## Work instruction
An exact copy of every record is required.

## Information
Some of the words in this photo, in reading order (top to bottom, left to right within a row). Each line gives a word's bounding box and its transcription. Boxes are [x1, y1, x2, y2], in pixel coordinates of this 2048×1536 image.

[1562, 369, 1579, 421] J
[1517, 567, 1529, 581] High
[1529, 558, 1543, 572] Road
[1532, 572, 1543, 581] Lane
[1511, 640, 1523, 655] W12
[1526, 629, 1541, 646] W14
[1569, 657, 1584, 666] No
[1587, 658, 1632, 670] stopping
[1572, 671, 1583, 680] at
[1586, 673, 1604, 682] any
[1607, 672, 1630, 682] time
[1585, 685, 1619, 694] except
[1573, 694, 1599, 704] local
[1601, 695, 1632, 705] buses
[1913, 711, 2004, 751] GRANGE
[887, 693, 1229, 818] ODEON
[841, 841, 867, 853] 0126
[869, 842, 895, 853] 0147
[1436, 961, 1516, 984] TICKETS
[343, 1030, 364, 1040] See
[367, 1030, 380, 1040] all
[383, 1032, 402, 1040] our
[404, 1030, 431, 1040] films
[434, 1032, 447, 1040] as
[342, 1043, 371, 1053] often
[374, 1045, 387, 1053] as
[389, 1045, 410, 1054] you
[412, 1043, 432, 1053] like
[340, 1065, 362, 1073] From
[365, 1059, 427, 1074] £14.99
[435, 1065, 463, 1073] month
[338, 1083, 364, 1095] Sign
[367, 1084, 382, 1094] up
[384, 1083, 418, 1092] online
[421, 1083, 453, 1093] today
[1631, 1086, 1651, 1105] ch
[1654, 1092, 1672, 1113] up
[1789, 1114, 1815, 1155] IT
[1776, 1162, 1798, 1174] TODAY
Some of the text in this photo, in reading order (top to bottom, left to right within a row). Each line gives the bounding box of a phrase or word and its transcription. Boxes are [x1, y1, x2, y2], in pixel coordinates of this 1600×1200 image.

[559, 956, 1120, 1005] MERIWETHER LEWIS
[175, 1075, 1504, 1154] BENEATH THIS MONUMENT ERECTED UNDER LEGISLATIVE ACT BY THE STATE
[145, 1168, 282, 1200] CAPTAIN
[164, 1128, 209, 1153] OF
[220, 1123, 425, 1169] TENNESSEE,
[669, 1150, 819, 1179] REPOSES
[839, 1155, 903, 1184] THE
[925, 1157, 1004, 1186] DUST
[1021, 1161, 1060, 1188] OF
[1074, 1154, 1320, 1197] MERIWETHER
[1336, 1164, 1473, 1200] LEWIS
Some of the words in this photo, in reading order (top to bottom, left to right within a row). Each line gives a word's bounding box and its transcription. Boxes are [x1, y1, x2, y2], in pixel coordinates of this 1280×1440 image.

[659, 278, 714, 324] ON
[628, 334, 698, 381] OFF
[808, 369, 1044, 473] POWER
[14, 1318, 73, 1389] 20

## Solution for this task
Some of the words in this photo, in reading order (top to bottom, left to right within a row). Each line gives a word's bounding box and its transcription. Boxes are [x1, y1, x2, y2], in pixel coordinates of this 2048×1536 image.

[1562, 369, 1579, 421] J
[1517, 567, 1529, 581] High
[1529, 558, 1543, 572] Road
[1532, 572, 1543, 581] Lane
[1511, 640, 1523, 655] W12
[1526, 629, 1541, 646] W14
[1569, 657, 1584, 666] No
[1587, 658, 1632, 670] stopping
[1572, 671, 1583, 680] at
[1586, 673, 1604, 682] any
[1607, 672, 1630, 682] time
[1585, 685, 1619, 694] except
[1573, 694, 1599, 704] local
[1601, 695, 1632, 705] buses
[1913, 711, 2004, 751] GRANGE
[887, 693, 1229, 818] ODEON
[841, 841, 867, 853] 0126
[869, 842, 895, 853] 0147
[1436, 961, 1516, 984] TICKETS
[343, 1030, 364, 1040] See
[367, 1030, 380, 1040] all
[383, 1032, 402, 1040] our
[404, 1030, 431, 1040] films
[434, 1032, 447, 1040] as
[342, 1043, 371, 1053] often
[374, 1045, 387, 1053] as
[389, 1045, 410, 1054] you
[412, 1043, 432, 1053] like
[340, 1065, 362, 1073] From
[365, 1059, 427, 1074] £14.99
[435, 1065, 463, 1073] month
[338, 1083, 364, 1095] Sign
[367, 1084, 382, 1094] up
[384, 1083, 418, 1092] online
[421, 1083, 453, 1093] today
[1631, 1086, 1651, 1105] ch
[1654, 1092, 1672, 1113] up
[1789, 1114, 1815, 1155] IT
[1776, 1162, 1798, 1174] TODAY
Some of the text in this photo, in reading order (top to bottom, left to right within a row). Each line gives the bounding box of a phrase or word and its transcription. Boxes are [x1, y1, x2, y2], in pixel coordinates of this 1600×1200 image.

[559, 956, 1120, 1005] MERIWETHER LEWIS
[175, 1075, 1504, 1154] BENEATH THIS MONUMENT ERECTED UNDER LEGISLATIVE ACT BY THE STATE
[145, 1168, 282, 1200] CAPTAIN
[164, 1128, 209, 1153] OF
[220, 1123, 425, 1169] TENNESSEE,
[669, 1150, 819, 1179] REPOSES
[839, 1155, 903, 1184] THE
[925, 1157, 1004, 1186] DUST
[1021, 1161, 1060, 1188] OF
[1074, 1154, 1320, 1197] MERIWETHER
[1336, 1164, 1473, 1200] LEWIS
Some of the words in this photo, in reading order (top to bottom, left to right within a row). Each line gives a word's bounding box and its transcription. Boxes are [x1, y1, x2, y2], in pixel coordinates of this 1280×1440 image.

[659, 278, 714, 324] ON
[628, 334, 698, 381] OFF
[808, 369, 1044, 473] POWER
[14, 1318, 73, 1389] 20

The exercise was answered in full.